When my kids died, they were on their way to spend Easter week with their dad in Buffalo. Since my divorce I had been on a couple of short vacations during which they stayed with their dad, but I had never experienced an extended period of time home alone. My plan for that week was to clean. Not to just 'red up' as they say here in Pittsburgh, but to go through all of our closets, all of their toys and all of the papers lying around the house. I wanted to get rid of everything we didn't need and find a place for everything that remained.

The cleaning never happened. Now my house is more cluttered than ever and I can't even blame it on my kids, it's completely my responsibility. I certainly need to organize my own stuff (I have no good excuse for the state of my own room) but I have a hard time disturbing any of their stuff at all...and I mean ANY of it, I'm talkin dirty tissues in the trash can. I just can't do it.

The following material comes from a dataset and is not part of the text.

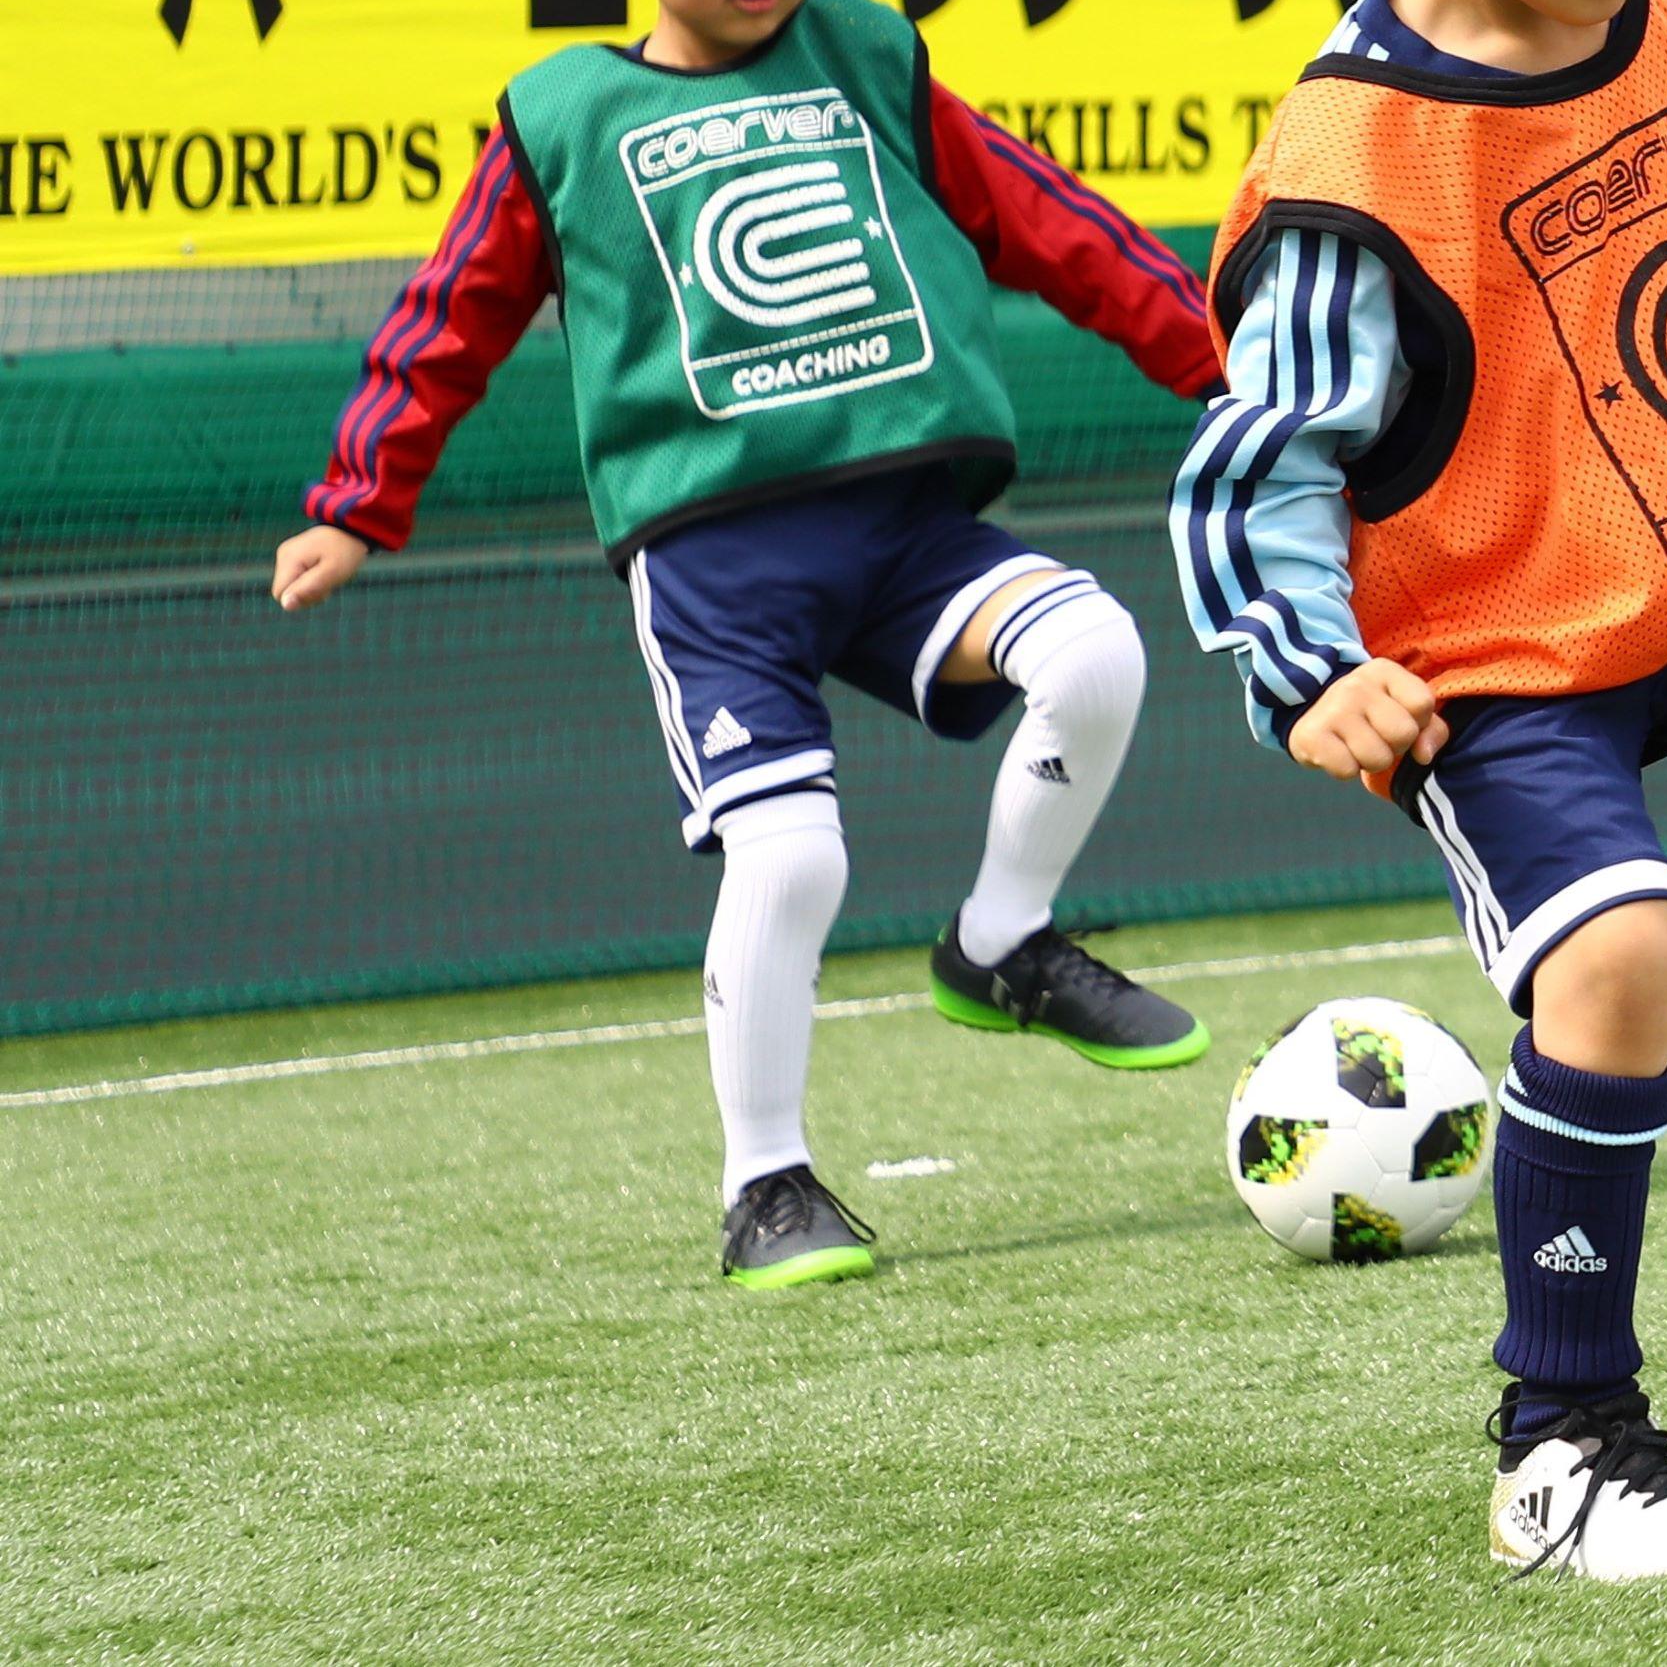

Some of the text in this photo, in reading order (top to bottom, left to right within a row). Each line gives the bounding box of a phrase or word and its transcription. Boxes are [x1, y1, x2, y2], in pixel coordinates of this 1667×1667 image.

[101, 122, 441, 213] WORLD'S
[637, 100, 856, 179] coerver
[731, 334, 891, 396] COACHING
[1533, 1249, 1608, 1273] adidas

A lot of people have suggested that I can keep their stuff forever and I don't have to do anything with it. I will keep most of it, but some things just aren't realistic. For example, I took them grocery shopping on April 4th, two days before the accident. I bought them a bunch of their favorite snacks, some of which have been opened. They are all still sitting in my pantry... alphabet cookies that Kate and her friend ate the morning of the 6th, Cheddar Bunnies that they ate in the car on the way to Erie and an unopened bag of Pirate's Booty that I will probably keep as long as I live (they were all about the Pirate's Booty). There are fish sticks and Kate's mango-tangerine sorbet in the freezer and Peter's Valentine's Day (formerly pronounced "balance times day") candy in the cupboards. I recently threw out Peter's cream cheese that was in the fridge because it was starting to scare me, but it wasn't an easy thing to do.

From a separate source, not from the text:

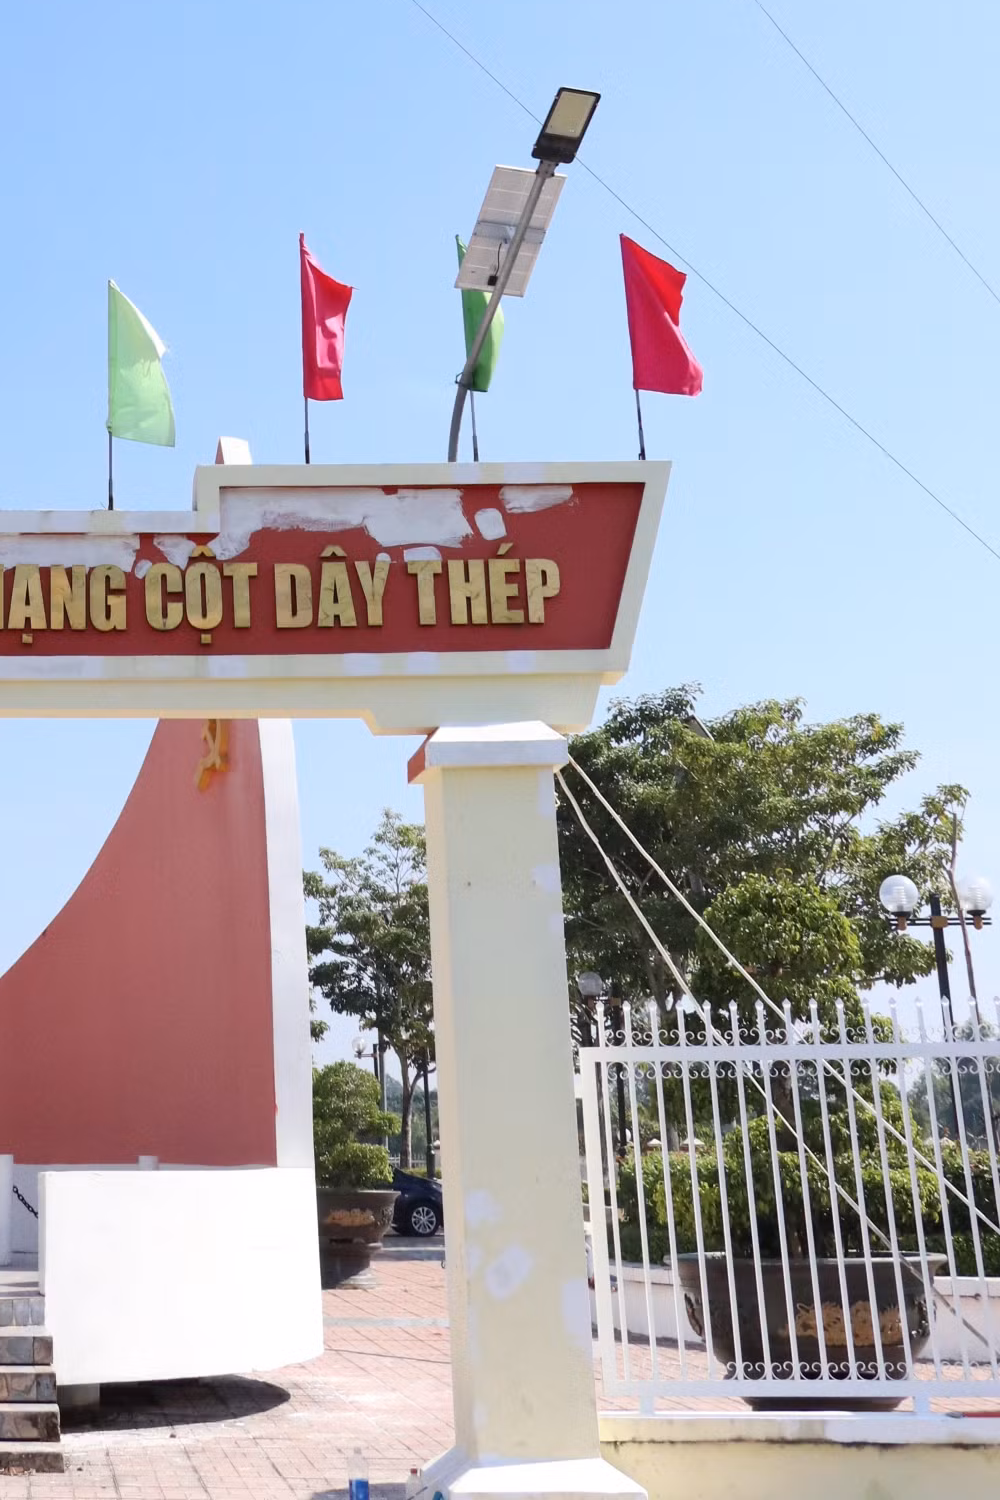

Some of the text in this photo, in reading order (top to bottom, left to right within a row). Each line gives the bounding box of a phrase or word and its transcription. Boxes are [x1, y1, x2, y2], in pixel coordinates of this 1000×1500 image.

Of course I also have all of their clothing and toys and every piece of art or psuedo-art (aka scribbling) that I could find after they died. I even went through the recycling bin for things I might have discarded. There is a lot of stuff. Whereas I wanted to organize and purge every unnecessary thing before the accident...now I want to hold onto all of it. But the truth is, it's just not reasonable.

It's not that the stuff itself makes me feel any better, but I guess it seems like it's all I have left. And, strangely enough, when I think about getting rid of something my brain always says, "hey, they might want that someday", like they're coming back. That's pretty messed up. And sad.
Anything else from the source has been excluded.